All papers written over the past four decades - Zuckerman,  Dunnett, Krebbs etc - have concluded that infected badgers pose a significant risk to cattle. And even dear old Defra, in a booklet issued in 2001, instructing readers about reducing the TB risk [to cattle] state:
"The consensus of scientific opinion is that badgers are a significant source of TB infection in cattle...."
So as the conclusions of the model M&E have used, seems to turn all this on its head, one has to question the input data they have used. On the other hand, in a few short months, an election is looming...

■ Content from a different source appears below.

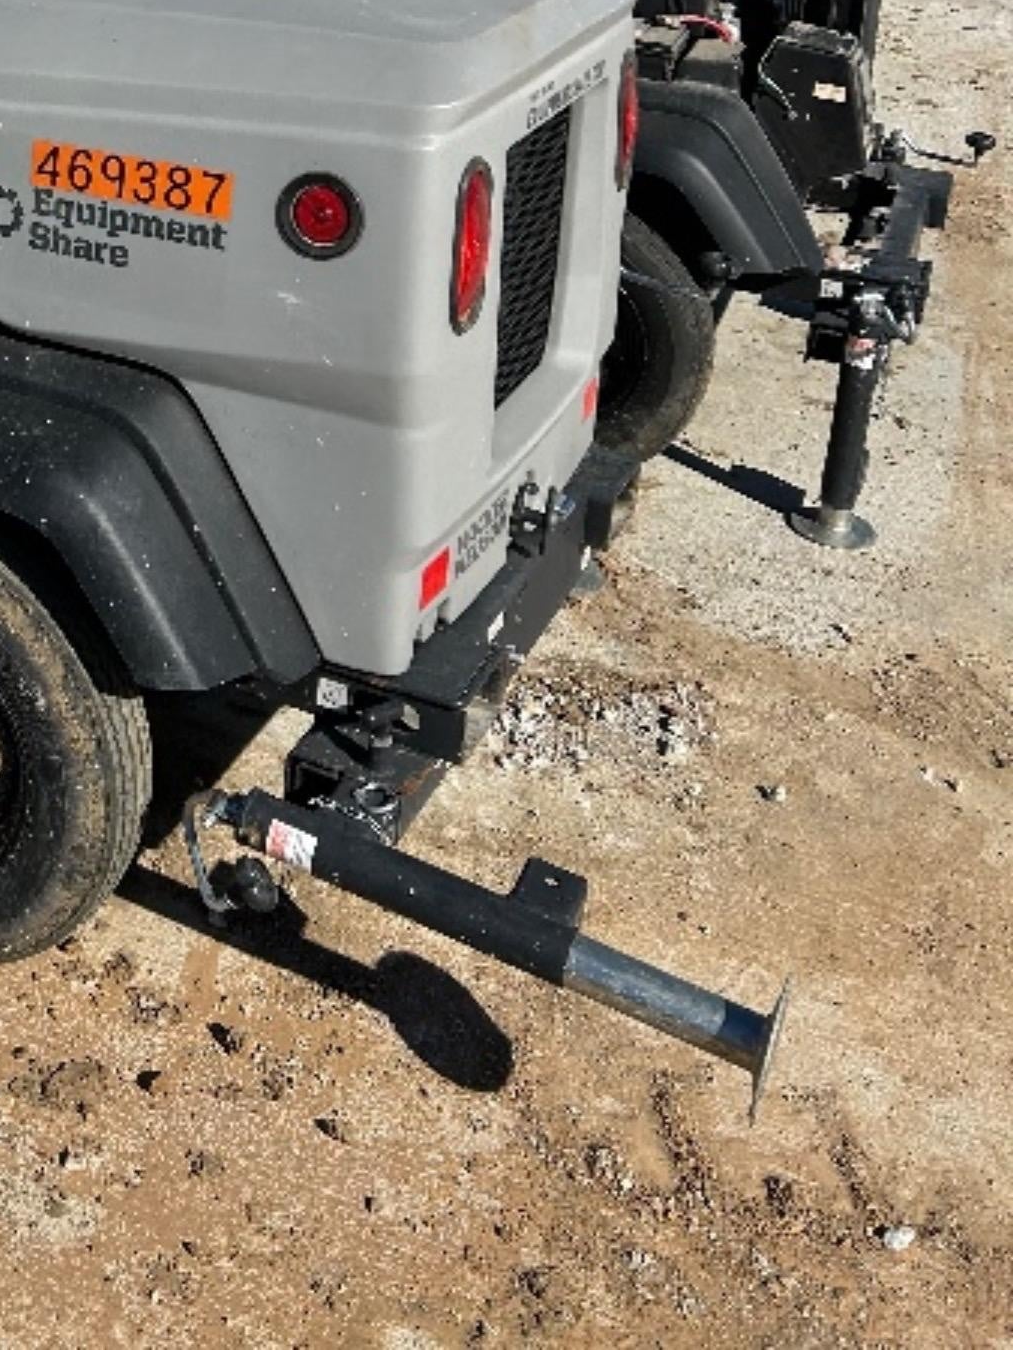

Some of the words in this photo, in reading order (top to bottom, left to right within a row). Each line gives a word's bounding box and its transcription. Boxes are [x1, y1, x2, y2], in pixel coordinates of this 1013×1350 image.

[35, 146, 227, 213] 469387
[29, 221, 128, 267] Share
[32, 186, 227, 251] Equipment

But we digress: on badger culls, their model seems to assume that if just one badger is shot in a cull, then all the other badgers in its group will move out? That is taking the perturbation myth a tad too far we think. Particularly as at least twice annually, the badger groups have a shake out of the old, the sick and the young males. And they seem to 'leave' without causing a problem or even a space?

A paper by 'Gilbert' is quoted many times as a source of the M&E assumptions on cattle movements as 'a significant source of TB spread'. This paper is modeled on post FMD restocks, when a handful of cattle were found to have moved, carrying TB. The point here is that their post move skin test identified them, they were slaughtered and that was that. They did not pass their TB on to other cattle on new farm. A point lost on M&E, as is the compulsory pre movement testing of all cattle moving around or from annual testing areas. A policy in place since 2006.

Thus based not on any of the epidemiological work which Defra has produced, taxpayers have funded we have quoted, but assumptions modeled on previous assumptions, M&E published that the "three main factors influencing TB were the percentage of cattle movements, the frequency of testing, and the badger-to-cattle transmission rate."

But hidden within the paper they also say that:
"Culling of badgers does seem to be a strategy that will eventually lead to a lower incidence of TB in cattle."
Really?????

MAFF / DEFRA knew this thirty years ago, when the Thornbury area of Gloucestershire was cleared so successfully, leading to over a decade of TB free cattle. We asked why:
" The fundamental difference between the Thornbury area and other areas [] where bovine tuberculosis was a problem, was the systematic removal of badgers from the Thornbury area. No other species was similarly removed. No other contemporaneous change was identified that could have accounted for the reduction in TB incidence within the area" [157949]
So from a professional modeler,  a comment on computer modeling generally:
" There are usually a few key variables and you can adjust them to give you almost any answer you want."
 And finally a reminder that less than a year ago, the Guardian - [link] ran a story on computer generated guff, which was published and regurgitated, because no-one was prepared to challenge it or admit they couldn't understand a bloody word of it.

If the input data is 'unsafe' then its modeled conclusions, however seductive to the politics of the day, are even more so.